Third, the current model does not include heterogeneity in infection risk and treatment accessibility. The presence of “high risk, high transmitter” subpopulations that could be less likely to enter or comply with HCV treatment could reduce the prevention impact and cost-effectiveness. Conversely, those who access and complete treatment may subsequently be less likely to transmit the disease. However, the natural history of injection and potential impact of such heterogeneity is complex.39 Higher risk subpopulations are not necessarily fixed, with IDUs having periods of higher and lower risk at different times during their injection career. Other models have suggested that high risk in the first year of injection or the presence of high-risk groups can limit primary prevention.40 The lack of age-structure in the current model also means that we cannot accurately utilize age-specific death rates.41, 42 These limitations need to be addressed by incorporating more complexity in future model projections and undertaking empirical research to determine the conditions, patient characteristics, and timing under which HCV treatment can be delivered and any associated changes in SVR.

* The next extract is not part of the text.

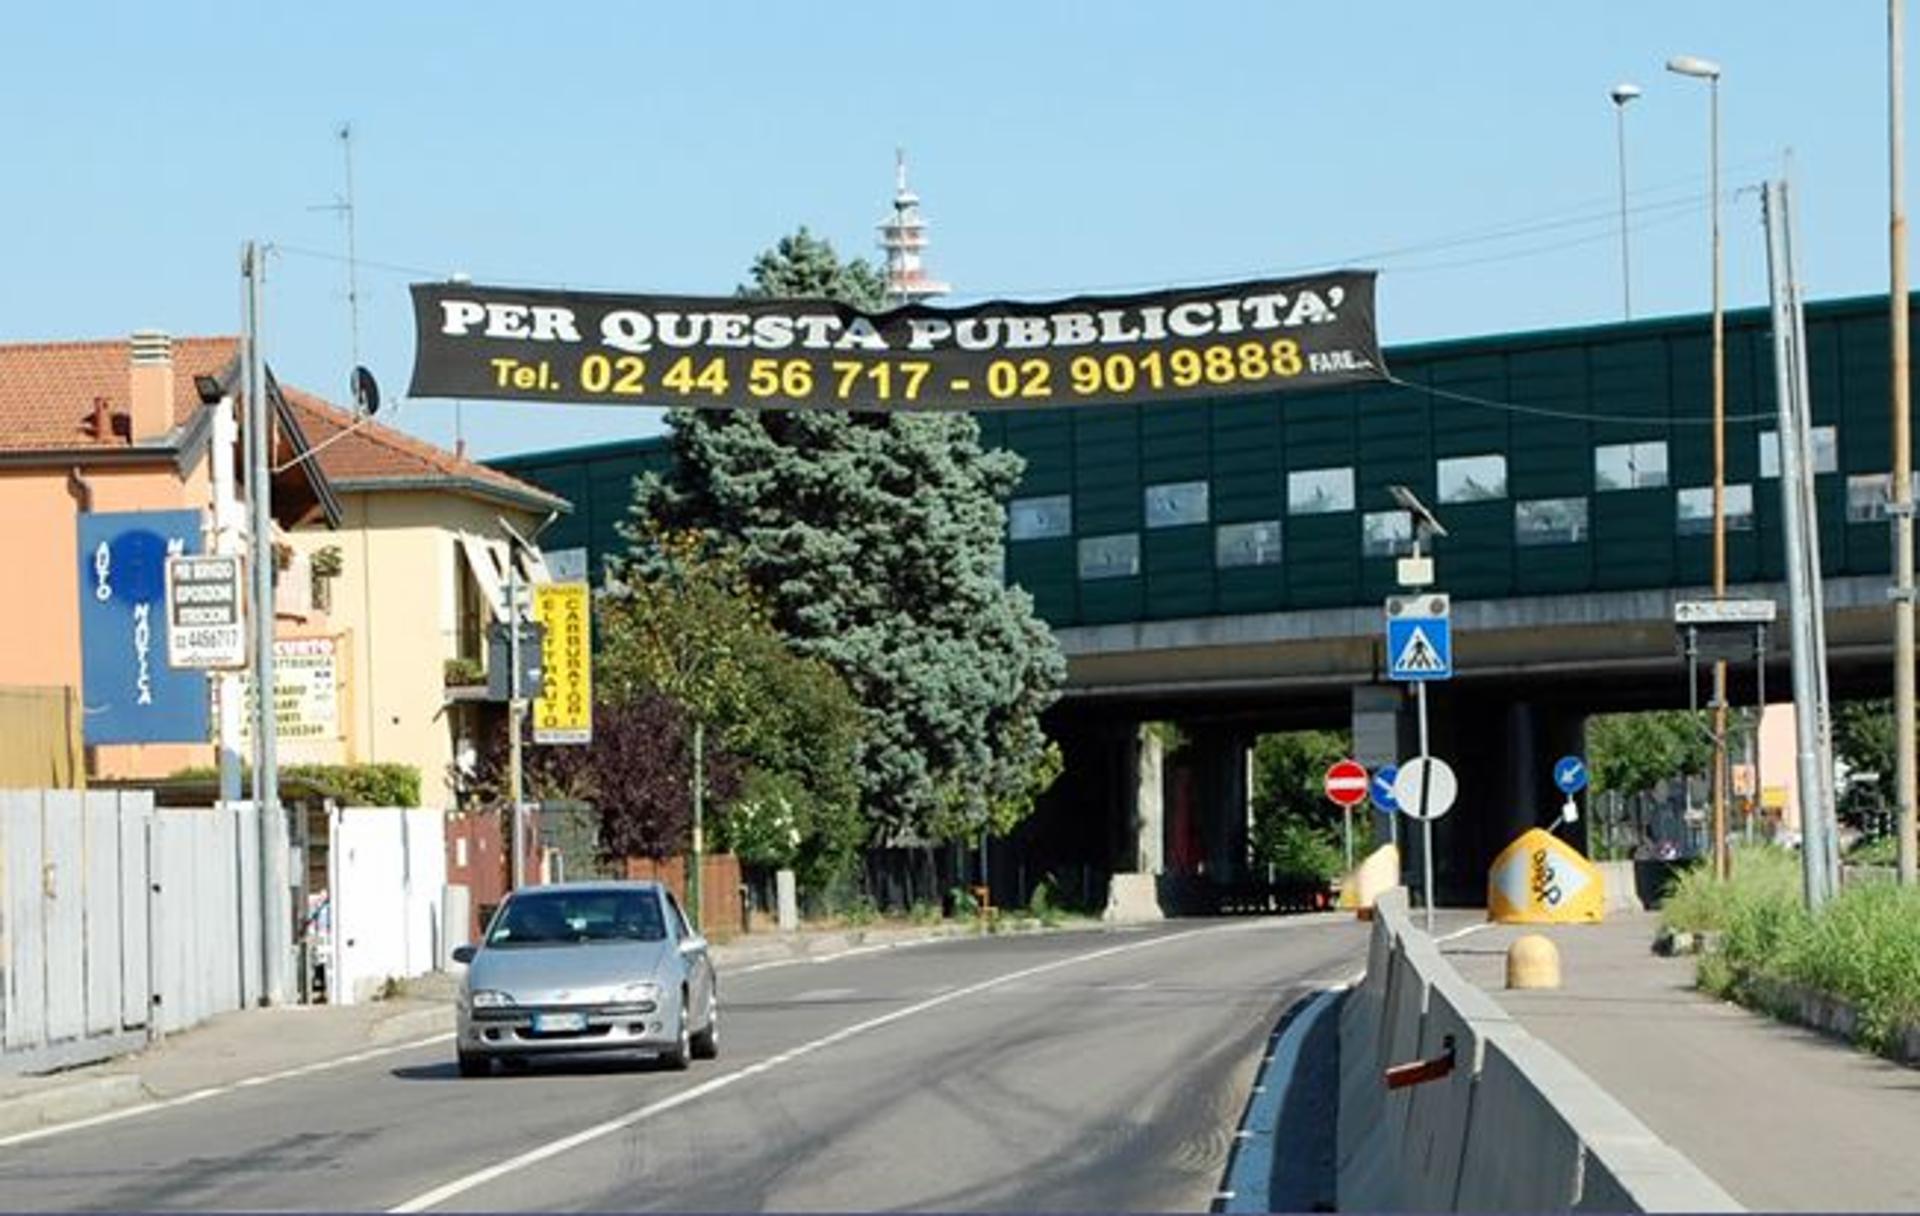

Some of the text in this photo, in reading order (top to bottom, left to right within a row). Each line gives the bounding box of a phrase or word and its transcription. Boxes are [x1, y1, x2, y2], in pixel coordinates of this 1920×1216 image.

Comparison with Other Studies.
The cost-effectiveness of HCV antiviral treatment in terms of reducing morbidity and future liver disease to the individual is established, and our ex/non-IDU model predictions are consistent with these estimates (£3,000-£10,000 per QALY gained depending on treatment regime).12, 15 No other studies, to our knowledge, have examined the cost-effectiveness of treating injectors including the prevention effect, or compared the cost-effectiveness of different clinical/policy decisions on whether it is justified to treat injectors as well as noninjecting populations, which requires a dynamic model as presented here.
Implications and Future Research.
Hepatitis C transmission risk remains high among injectors in most populations, even when there is high coverage of prevention interventions such as needle and syringe programs and OST.8, 9 Our research indicates HCV treatment could play a role in prevention among the IDU population,10, 11 and treating IDUs is likely to be cost-effective across a wide range of prevalences. Empirical studies examining the treatment of IDUs and measuring the effects on prevalence are warranted.